Thirty years on, many marketers still trust lab-based research – especially for testing the usability of web sites or new product development. But as BA found to its cost, lab-based studies risk emphasising behaviour that just would not happen in the real world. So for this reason, additional experiments must play an important role in validating if and how far lab-based insights, including those from behavioural economics, might actually work – an approach that comes into its own with A/B testing of websites or emails.
Another challenge when turning behavioural insights into effective marketing practise also relates to the way in which behavioural researchers have long generated behavioural insights.
For decades, behavioural economics revolved around finding irrational influences – or ‘biases’ – which can affect human decision-making. Hundreds were identified, but they were a vast collection of unrelated things rather than part of a coherent, overall model or framework. As a result, there is no clear path through the seemingly unlimited and unrelated variables that might make a consumer behave in an irrational way.
One solution for marketers is to build their own framework of biases which impact on their consumers’ decision-making in their own particular marketing context.
At House of Kaizen, we have developed a framework for bias which accounts for four key sources of online shopping bias: network (social influences); identity (self-concepts); cognition (limitations in the way prospects process rational information); and emotions (feelings). Each, in turn, features five or six individual variables ensuring the framework is both focused and relevant.

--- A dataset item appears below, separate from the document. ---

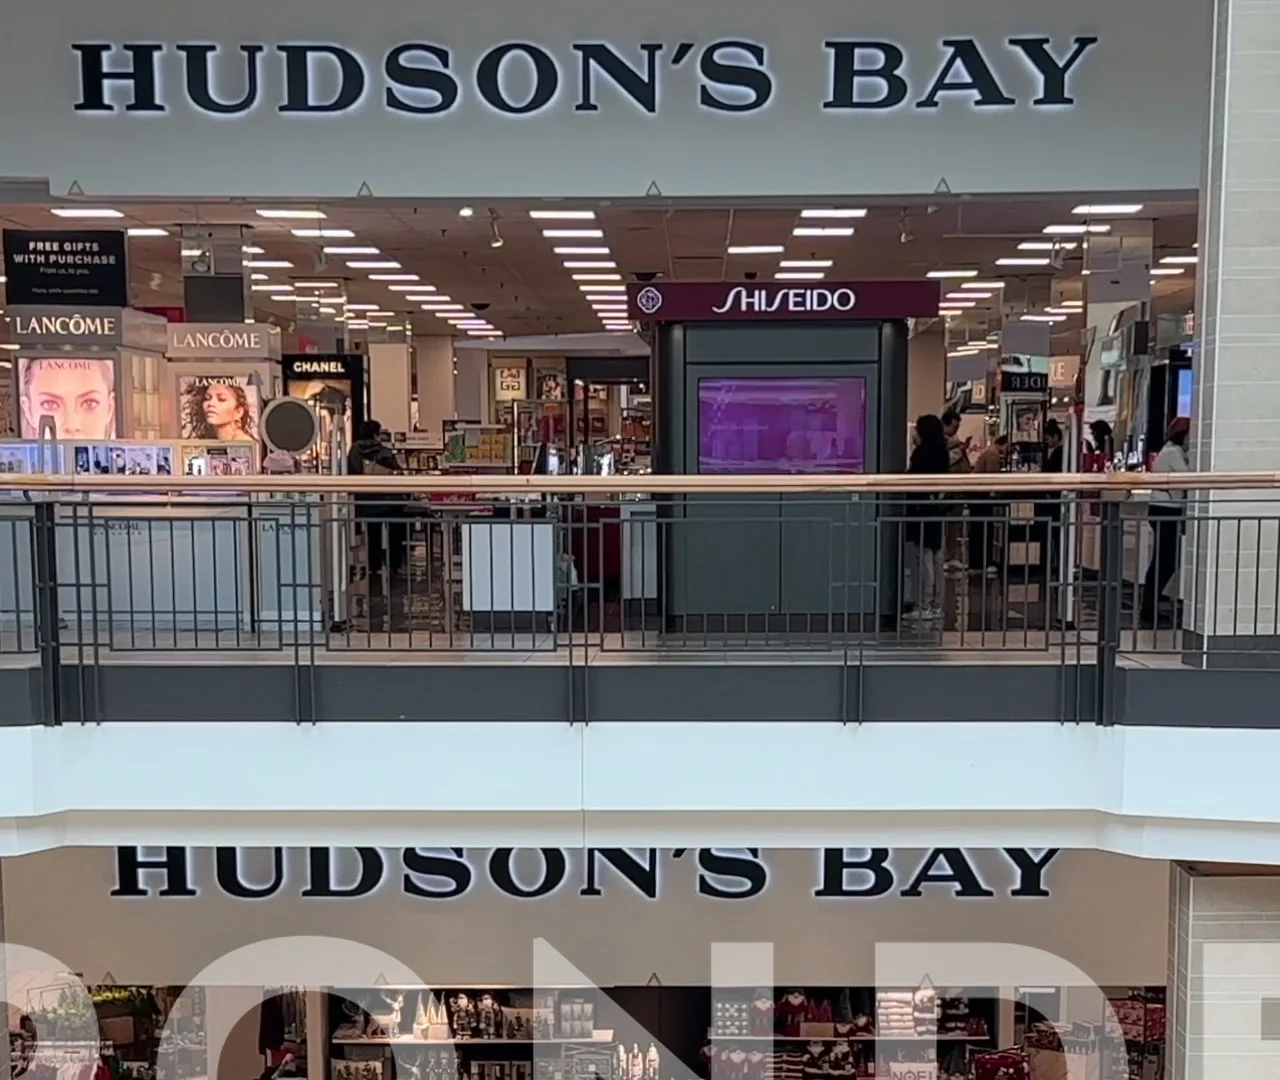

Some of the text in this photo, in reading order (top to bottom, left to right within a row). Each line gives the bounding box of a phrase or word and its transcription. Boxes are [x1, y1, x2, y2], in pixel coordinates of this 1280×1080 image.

So, when applied to an a leading antivirus software brand’s online shop, our framework reveals that contrary to expectation, emotions are highly relevant for purchase decision-making amongst antivirus shoppers. Furthermore, 75.9% of these consumers do not just believe they know ‘little’ or ‘moderately little’ about such software, they also don’t want to learn more about it. Rather than making informed decisions, they tend to buy if the product removes conscious and subconscious anxieties.
All of this is in sharp contrast to perceived rational economic behaviour. And to test our findings, we developed new content for the web site that up-played anti-anxiety facts.
Three different designs for the presentation of this content were then trialled – delivering exactly the same content against the original page, one looked ‘scientific’, one ‘tech-y’ and one ‘casual’. And the results were conclusive. When compared to the control page, only the scientific one produced a sales uplift – of 21.1%, so not insignificant. Why? Because a scientific approach is perceived as the most reliable and trusted way to counter virus threats.
In our experience, turning behavioural insights into effective marketing practise depends on two things. First, experimentation within the actual context of how a consumer will engage with a brand’s product or service. Second, frameworks built and tailored for an individual marketer’s specific context. For real and credible insights capable of being effectively turned into marketing practise can only be achieved by combining the two.
Used in tandem, then, these two approaches eliminate the fundamental problems associated with acting on behavioural insight that otherwise weaken the important role in marketing that behavioural economics can – and should – play.